The average white male goes about 30 percent gray at the age of 34, "give or take nine years," Cymet told ABCNews.com.
African-Americans hit the 30 percent gray mark at 44 years old, plus or minus 10 years.
After the head turns 30 percent gray, it is another two to seven years until a person is fully gray. About 50 percent of all people are graying by 50. For Obama, at 49, that's just around the corner.
White Mother, Black Father Affect Obama's Hair
"With President Obama having a white mother and an African-American father, he would fit in the middle of the two groups," Cymet said.
Hair color is determined genetically by the amount of melanin pigments produced by stem cells called melaocytes. There are two types of pigments: eumelanin (dark brown or black) and phaeomelanin (yellow blond to red).
At the end of the active phase of hair growth, the building blocks of hair in the follicle -- kerotincytes and melanocytes -- die. As you age, fewer melanocytes are replaced. New hairs growing from these follicles are depigmented and appear gray or white.
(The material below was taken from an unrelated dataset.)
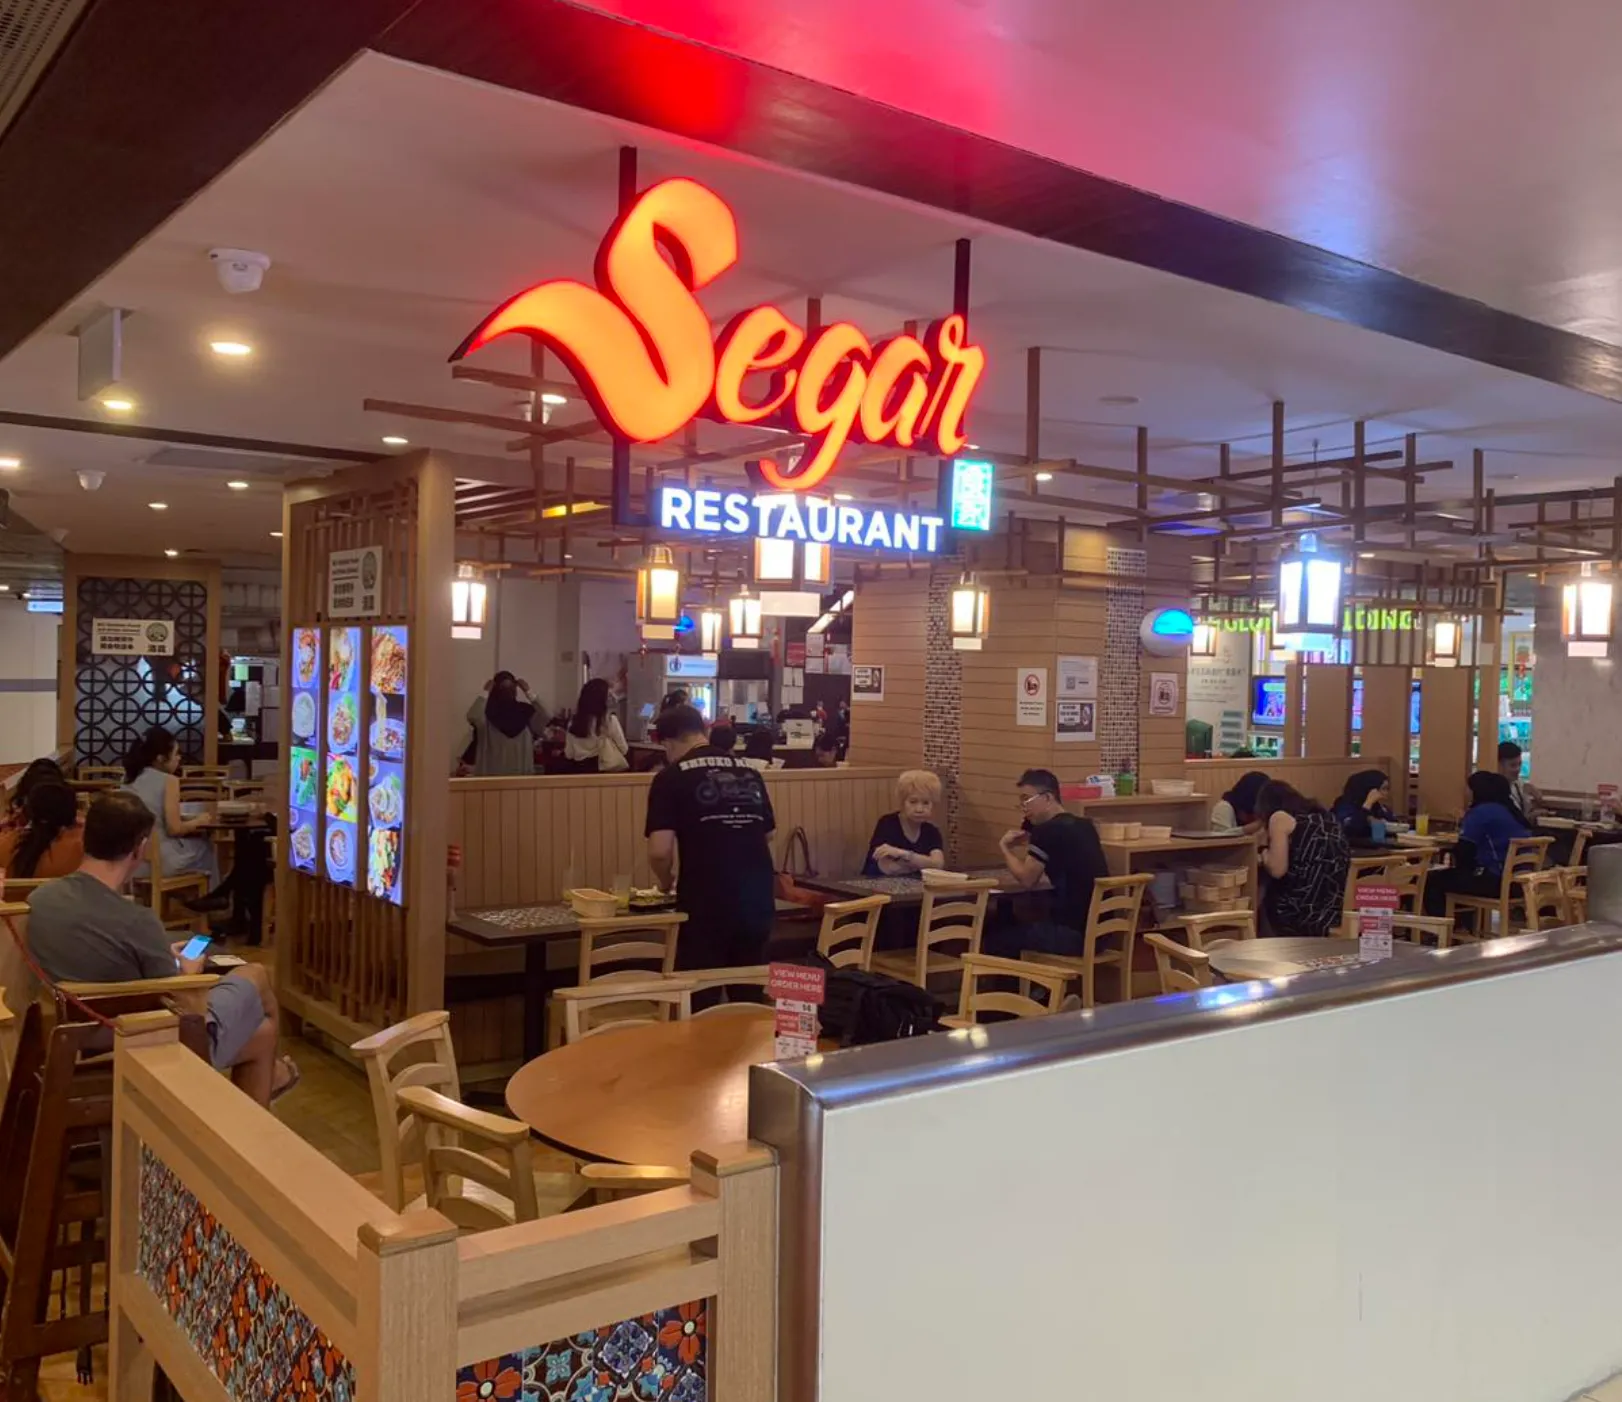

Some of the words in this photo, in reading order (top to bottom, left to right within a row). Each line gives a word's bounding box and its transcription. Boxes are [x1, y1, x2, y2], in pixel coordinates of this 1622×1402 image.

Stress can affect how quickly hair is shed, and the faster it regrows, the more quickly the pigment breaks down.
Cymet explains that hair growth comes in three phases -- growth, resting and breakdown in six-year cycles -- about seven to 15 cycles in a lifetime. When a person becomes highly stressed in the growth stage, that cycle could be reduced to two years.
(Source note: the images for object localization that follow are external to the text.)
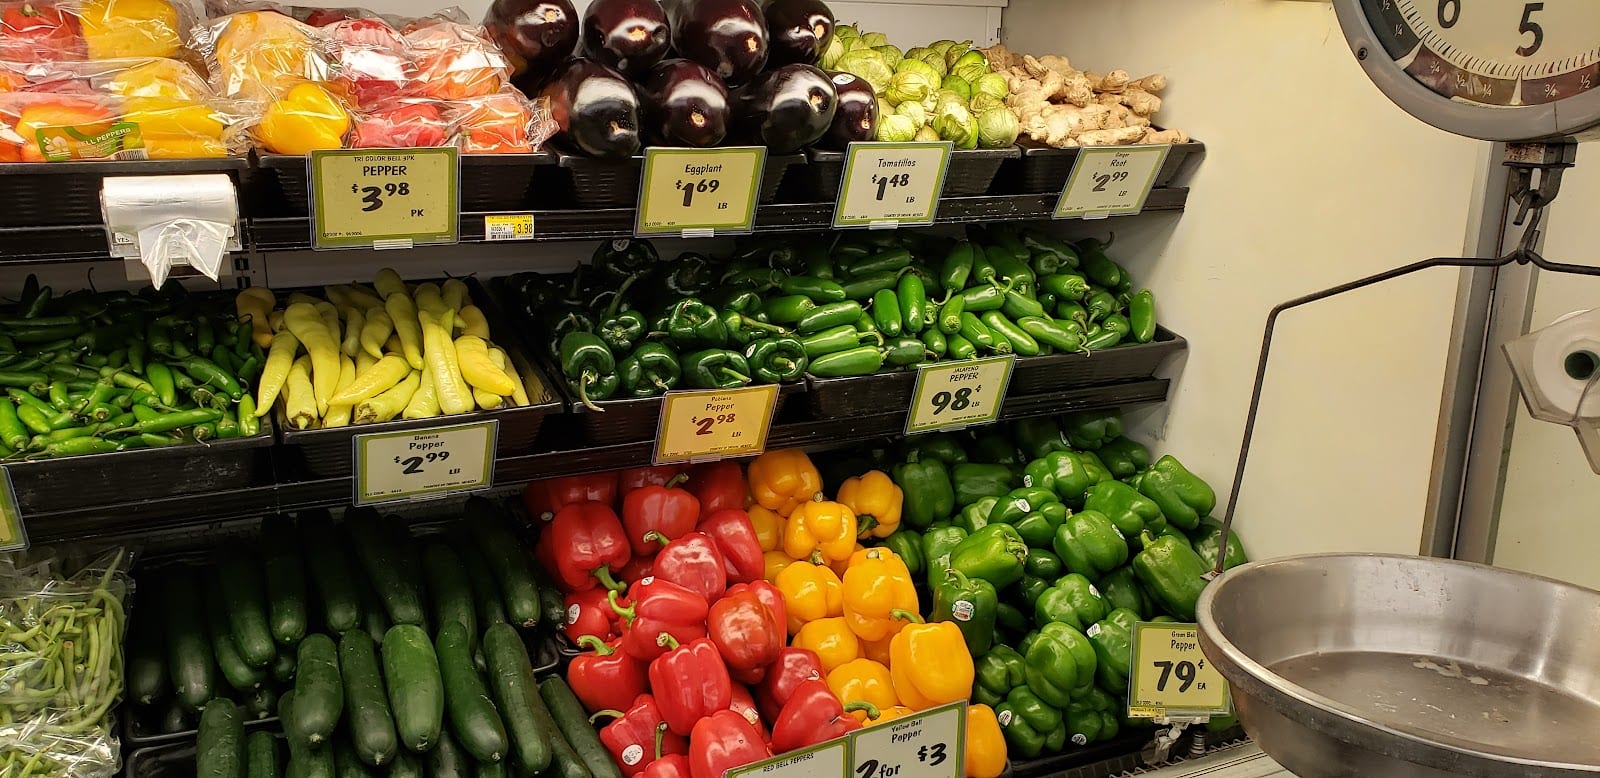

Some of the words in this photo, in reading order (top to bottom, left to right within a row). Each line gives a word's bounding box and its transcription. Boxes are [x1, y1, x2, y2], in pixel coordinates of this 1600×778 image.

[1515, 2, 1545, 58] 5
[96, 127, 132, 143] PEPPERS
[354, 155, 364, 163] TRI
[878, 158, 917, 168] Tomatillos
[1109, 159, 1128, 168] Root
[363, 165, 408, 177] PEPPER
[685, 163, 723, 176] Eggplant
[905, 196, 916, 204] LB
[717, 202, 729, 210] LB
[410, 208, 425, 218] PK
[949, 372, 980, 382] PEPPER
[705, 403, 735, 413] Pepper
[409, 441, 446, 451] Pepper
[1170, 639, 1196, 652] Pepper
[1197, 682, 1207, 691] EA
[891, 722, 910, 733] Yellow
[911, 719, 923, 728] Bell
[891, 729, 922, 744] Pepper
[917, 742, 947, 767] $3
[763, 764, 774, 773] RED
[776, 760, 789, 770] BELL
[790, 752, 814, 765] PEPPERS
"You have seven to 15 cycles of hair growth before you lose the color," Cymet said. "If you speed it up and go through the growth phase quickly by not sleeping or eating or high stress levels, like being president, it happens more quickly."
A variety of physical conditions can also cause the hair to whiten or fall out: autoimmune disorders, hypo- and hyperthyroidism and alopecia, rare genetic disorders, including piebaldism and Waardenburg syndrome, and even a vitamin B deficiency.
"But I don't think that's what our highly stressed leaders have," Cymet said.
Charles Figley, a psychologist who specializes in traumatic stress at Tulane University, told ABCNews.com that he's not worried that Obama's first white hairs signal health issues, but he does confirm that the presidency can take its toll.
"With excessive stress over time -- the four-year hot seat of the presidency -- cells can break down," he said.
Psychological stress is more apt to take a toll on a person's physical health than their hair color, according to Figley, yet the myths persist.
Figley does not dismiss the notion that this kind of stress could hasten the graying process.
"The physical environment can affect the brain, which affects our immune system," Figley said. "But stress is difficult to evaluate."
And presidents handle their stress differently. Obama is not a known worrier and seems to release his stress on the basketball court or in his daily gym workouts.
"This guy [Obama] is a well-balanced person who had to think on his feet," said Figley. "He hasn't had any handlers until more recently, and he's been forced to know how to address and manage stress."
And, said Figley, the president-elect is an optimist, a quality that studies show correlate with a long life expectancy.
"We're beginning to think that optimism is part of a very important trait -- ego resiliency that has been found to be highly correlated with positive effects," he said. "People can have terrible adversity, yet a buoyant attitude and their positive outlook doesn't change."
But hair stylists like Lee Kostu, who has seen hundreds of graying heads at Hair It Is salon in Robbinsville, N.J., is not totally convinced that it's all genetic, especially for those whose lives are stressful.
"Sometimes I see a little gray in a client and then they come back for the next cut and bam -- they're all white," he said.